A round-up of today's other stories in brief.
'Stroke' Fahy fails in bid to visit mother
Former Fianna Fáil county councillor Michael "Stroke" Fahy has been informed that he will not be released from Castlerea prison, Co Roscommon, to visit his elderly mother, writes Lorna Siggins.
Authorities at the prison are understood to have received a request on behalf of the councillor's 97-year-old mother, Mai, who has been residing in a south Galway nursing home.
The Prison Service does not comment on individual cases, and would not confirm yesterday that the request had been made, but Mr Fahy did confirm it in a note sent to RTÉ.
The 56-year-old farmer and insurance agent, who served latterly as an independent councillor after resigning from Fianna Fáil, began a 12-month sentence in Castlerea on April 23rd.
He received the sentence and a €75,000 fine after he was found guilty of fraud and attempted theft from Galway County Council.
Man who set fire to Ferrari gets 5 years
A man who set fire to a Ferrari car valued at €132,000 has been described as a "walking time bomb" by a judge and jailed for five years.
Safet Bukoshi (34) from Albania, who had an address at Whiteoak, Clonskeagh, Dublin, told gardaí that he "received a message from God in English" to burn the Ferrari and his wife's Ford Fiesta, but he had been unable to find a lighter to set fire to the Fiesta.

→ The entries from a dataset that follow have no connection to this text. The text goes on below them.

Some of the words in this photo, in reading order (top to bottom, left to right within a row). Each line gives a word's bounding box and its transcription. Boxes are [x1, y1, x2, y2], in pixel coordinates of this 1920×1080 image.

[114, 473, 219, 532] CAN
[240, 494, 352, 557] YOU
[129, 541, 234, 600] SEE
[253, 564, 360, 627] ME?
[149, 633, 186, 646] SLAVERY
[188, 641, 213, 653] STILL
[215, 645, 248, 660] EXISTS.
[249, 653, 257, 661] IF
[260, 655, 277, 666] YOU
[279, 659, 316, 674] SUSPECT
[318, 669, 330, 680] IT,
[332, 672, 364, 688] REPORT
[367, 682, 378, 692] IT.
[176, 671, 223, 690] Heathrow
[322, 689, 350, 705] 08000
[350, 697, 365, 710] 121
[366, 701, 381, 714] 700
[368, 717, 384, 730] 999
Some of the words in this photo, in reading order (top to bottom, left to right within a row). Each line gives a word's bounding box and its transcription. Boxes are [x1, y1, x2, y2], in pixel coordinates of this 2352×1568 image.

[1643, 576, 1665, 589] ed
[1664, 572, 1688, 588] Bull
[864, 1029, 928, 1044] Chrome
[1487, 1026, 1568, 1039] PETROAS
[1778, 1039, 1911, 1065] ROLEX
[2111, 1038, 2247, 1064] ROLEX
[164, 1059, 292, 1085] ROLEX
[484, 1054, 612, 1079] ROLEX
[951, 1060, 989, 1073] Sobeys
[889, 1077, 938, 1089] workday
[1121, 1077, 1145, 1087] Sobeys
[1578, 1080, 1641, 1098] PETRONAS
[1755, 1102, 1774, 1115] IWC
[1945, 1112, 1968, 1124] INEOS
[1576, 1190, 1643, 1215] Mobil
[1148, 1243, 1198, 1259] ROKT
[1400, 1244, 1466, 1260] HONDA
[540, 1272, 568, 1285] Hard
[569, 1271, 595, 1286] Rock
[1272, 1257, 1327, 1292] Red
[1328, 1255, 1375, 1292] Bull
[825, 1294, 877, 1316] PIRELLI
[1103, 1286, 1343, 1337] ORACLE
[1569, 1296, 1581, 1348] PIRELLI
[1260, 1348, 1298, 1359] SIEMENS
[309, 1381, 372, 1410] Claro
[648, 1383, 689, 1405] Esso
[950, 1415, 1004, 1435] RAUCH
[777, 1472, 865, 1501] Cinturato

A jury at Dublin Circuit Criminal Court found him guilty of arson of two cars in 2004. He was also convicted of attempted arson of a petrol pump and setting fire to a briefcase and jacket in the forecourt of the Shell service station, Roebuck Road, Clonskeagh.
Suspended term for young looter
A teenager, in Ireland without any parents, who took part in looting during the riots that erupted at the "Love Ulster" rally in Dublin last year, has been given an eight-month sentence at the Dublin Children's Court. However, the sentence was suspended on condition that he be of good behaviour.
The now 17-year-old youth from the Republic of Georgia, who has been in Ireland since September 2005, pleaded guilty to trespassing in the Schuh shop on O'Connell Street.
He also admitted possessing a set of pliers for use in connection with a theft offence, as well as separate theft charges.
Defence solicitor Michelle Finan had told the court that the teen, an asylum seeker, became a heroin addict after he "found life much different here than in Georgia".
Man jailed for oil laundering
A man has been jailed for two years for operating on a Co Meath site an illegal oil laundering operation, which Judge Desmond Hogan described as a "lucrative home cottage industry".
Martin Joyce (38) of Dunsink Lane, Finglas was also given a six-month concurrent sentence at Dublin Circuit Criminal Court on separate charges of failing to make tax returns.
Gardaí raid DVD pirating plant
A DVD pirating plant able to illegally copy 12,500 discs a day has been raided by gardaí in Co Louth.
The plant was found in a house in Kilcurry, west of Dundalk. A Garda source said it was suspected of supplying "markets in the Leinster region".